2019 Tribeca Film Festival movie review: ‘The Quiet One’

May 2, 2019

by Carla Hay

Bill Wyman in "The Quiet One"
Bill Wyman in “The Quiet One” (Photo by Bent Rej)

“The Quiet One”

Directed by Oliver Murray

World premiere at the Tribeca Film Festival in New York City on May 2, 2019.

Bill Wyman, who was the bass player for the Rolling Stones from 1962 until he quit the band in 1993, has been a Rolling Stones archivist for decades. He has shared his mementos and memories in various ways, including in his 1990 memoir “Stone Alone” and his 2001 photo book “Rolling With the Stones.” The documentary “The Quiet One” is essentially an updated, movie version of Wyman’s books—there’s plenty of great stuff pulled from the archives, but if you’re looking for a truly revealing tell-all, then you’ll have to look elsewhere.

The movie’s title comes from the image that Wyman had of being “the quiet one” in the band. During his time in the Rolling Stones, Wyman was also known for being the most aloof in the band, and he says he was the only member of the Rolling Stones who didn’t abuse drugs. That’s not news to die-hard Rolling Stones fans or anyone who’s read “Stone Alone,” but it might come as a surprise to those who know very little about Wyman. Sex is the only addiction that Wyman confesses that he had during his heyday with the Rolling Stones, but “The Quiet One” doesn’t have the braggadocio that Wyman had in “Stone Alone,” where he claimed that he bedded many more women on tour than all of his bandmates. Not surprisingly, Wyman’s 10-year marriage to first wife Diane ended in divorce in 1969.

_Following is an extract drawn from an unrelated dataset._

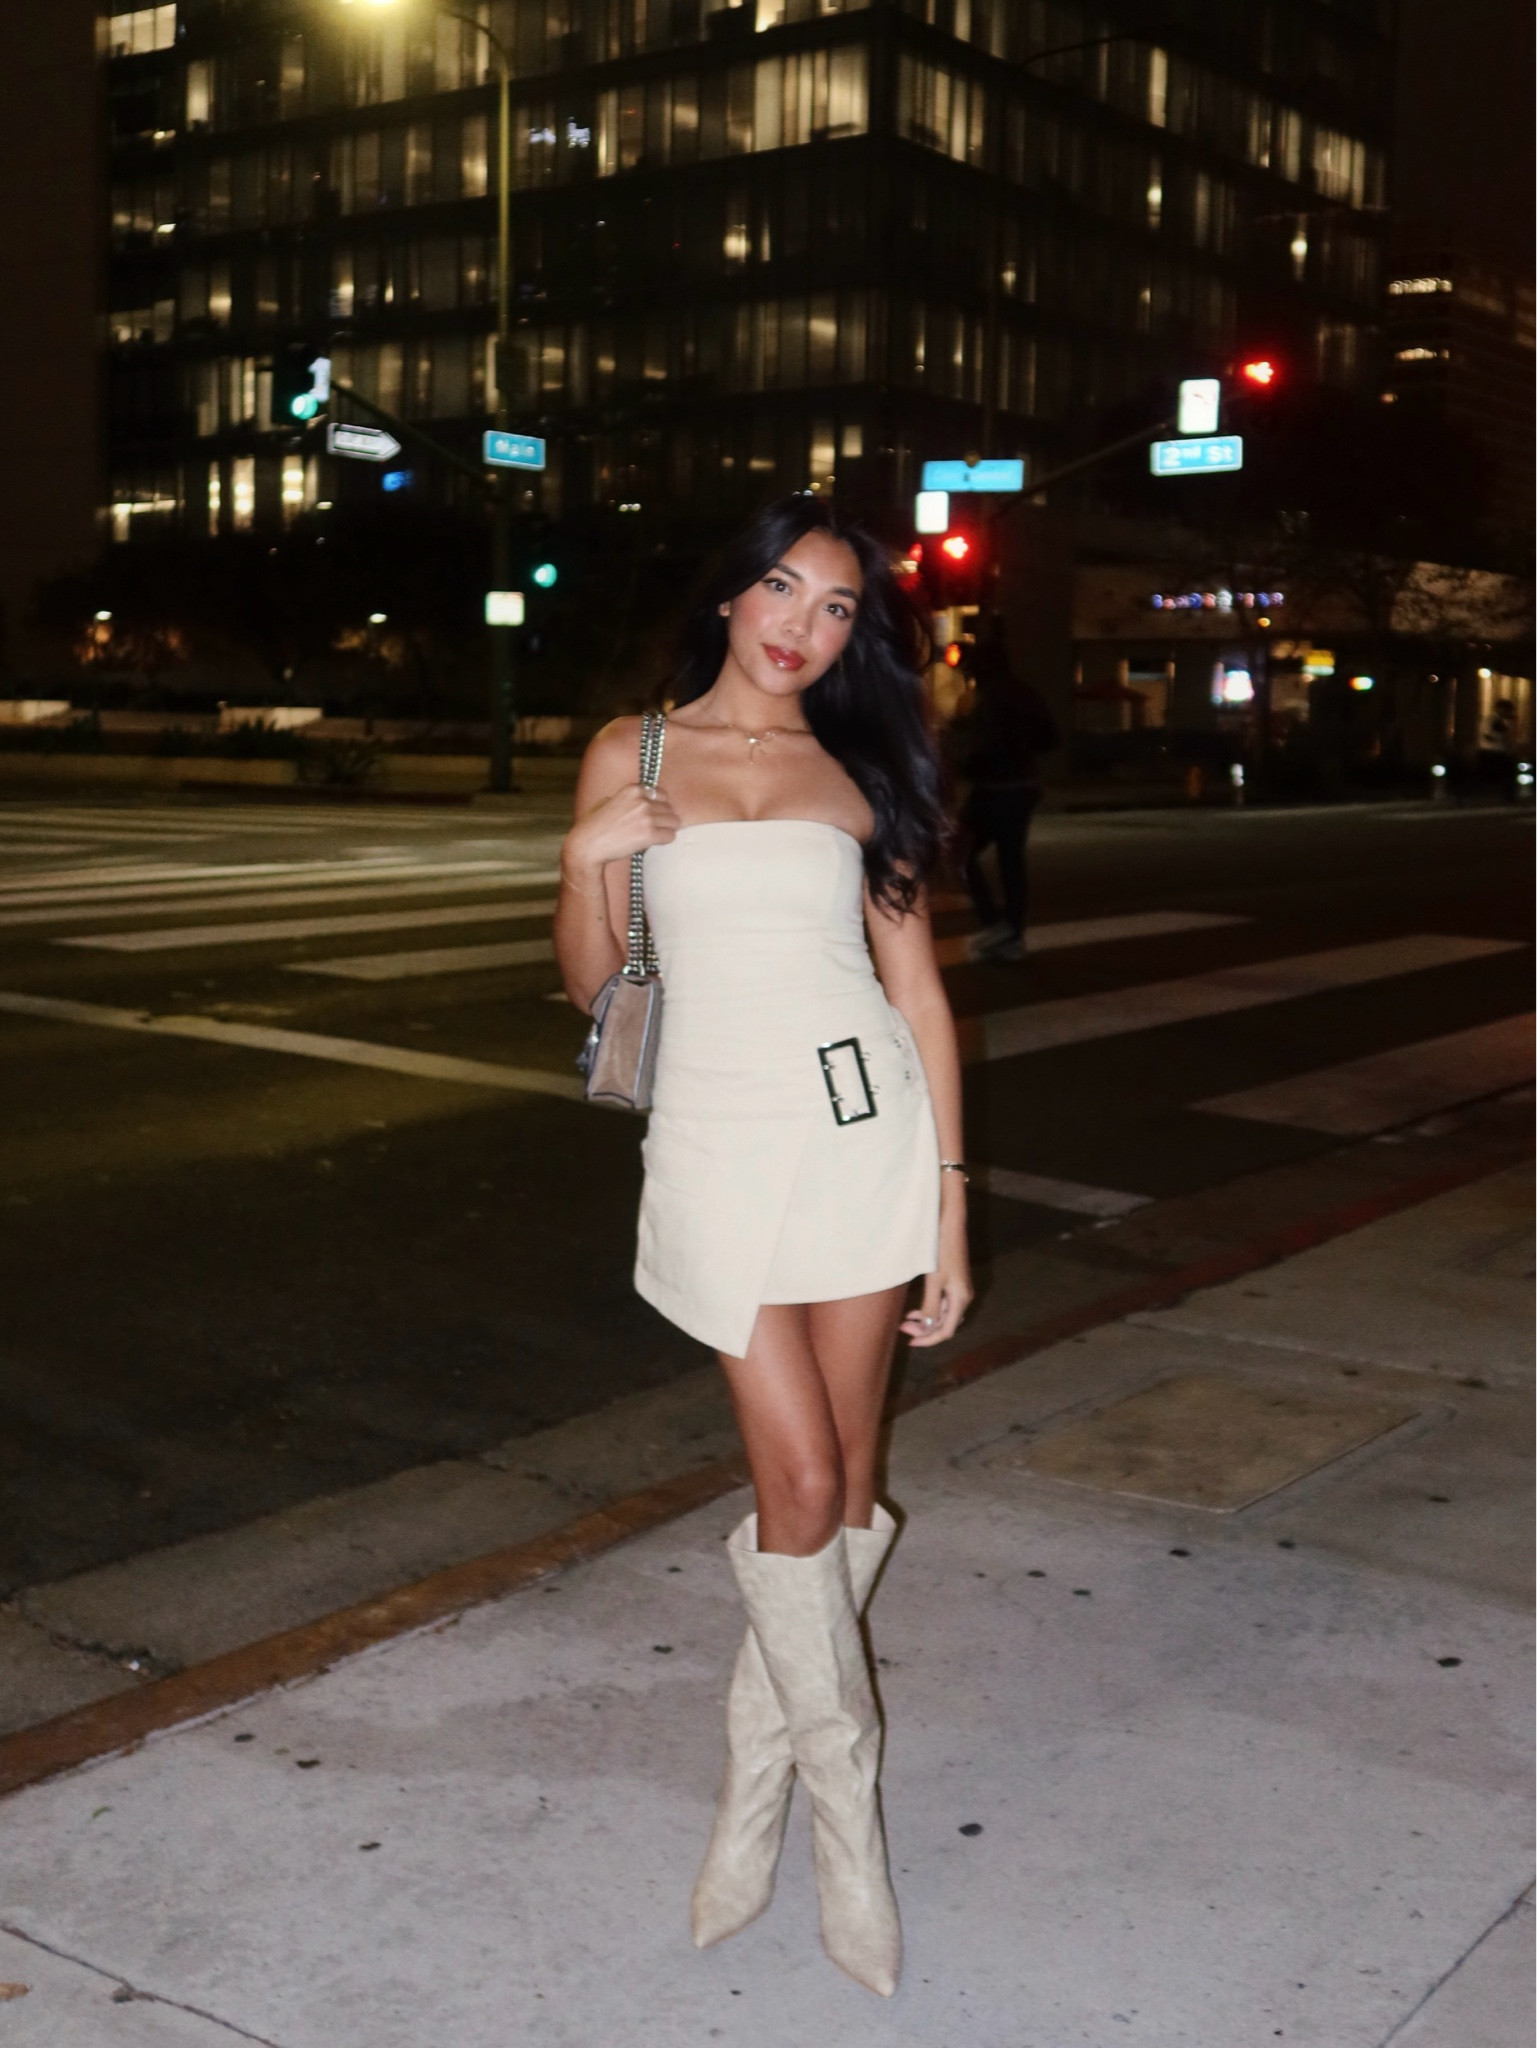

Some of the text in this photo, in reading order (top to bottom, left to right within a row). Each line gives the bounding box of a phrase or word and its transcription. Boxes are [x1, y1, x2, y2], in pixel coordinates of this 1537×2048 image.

Although “The Quiet One” barely mentions Wyman’s first marriage, the documentary offers a little more insight into how Wyman was as a divorced dad who had full custody of his son Stephen, who was born in 1962. Being a divorced father with full custody was rare in the 1970s, and being a rock star in that family situation was even more unusual. As he did in “Stone Alone,” Wyman hints that he got full custody because Stephen showed signs of neglect when the child had been living with Diane. Through home movies and photos, Stephen is seen as a constant companion to Wyman and his then-partner Astrid Lundstrom, who was in a relationship with Wyman from 1967 to 1983. Unfortunately, Stephen was not interviewed for this documentary. However, it’s clear that when the Rolling Stones temporarily moved to France in the early 1970s for tax reasons, the reason why Wyman said he hated it was because he was separated from Stephen, who lived with Wyman’s parents in England during this time.

Some of the movie’s content has been seen before in Wyman’s books and in Rolling Stones documentaries such as “Charlie Is My Darling,” “The Stones in the Park” and “Gimme Shelter.” Most of the material from Wyman’s archives are photos, audio recordings and brief snippets of home movies and off-stage band footage, such as the Stones frolicking at a hotel pool in the mid-1960s or flying on a private jet in the early 1970s. New interviews with fellow music stars Eric Clapton, Buddy Guy, Mary Wilson (formerly of the Supremes), Bob Geldof and Rolling Stones drummer Charlie Watts are not seen but are only heard in voiceovers. The other members of the Rolling Stones—lead singer Mick Jagger and guitarists Keith Richards and Ronnie Wood—did not give new interviews for this documentary. There are also many stylized closeups of someone pushing play or stop on an old audio cassette recorder, to add to the ambience of the retrospective footage.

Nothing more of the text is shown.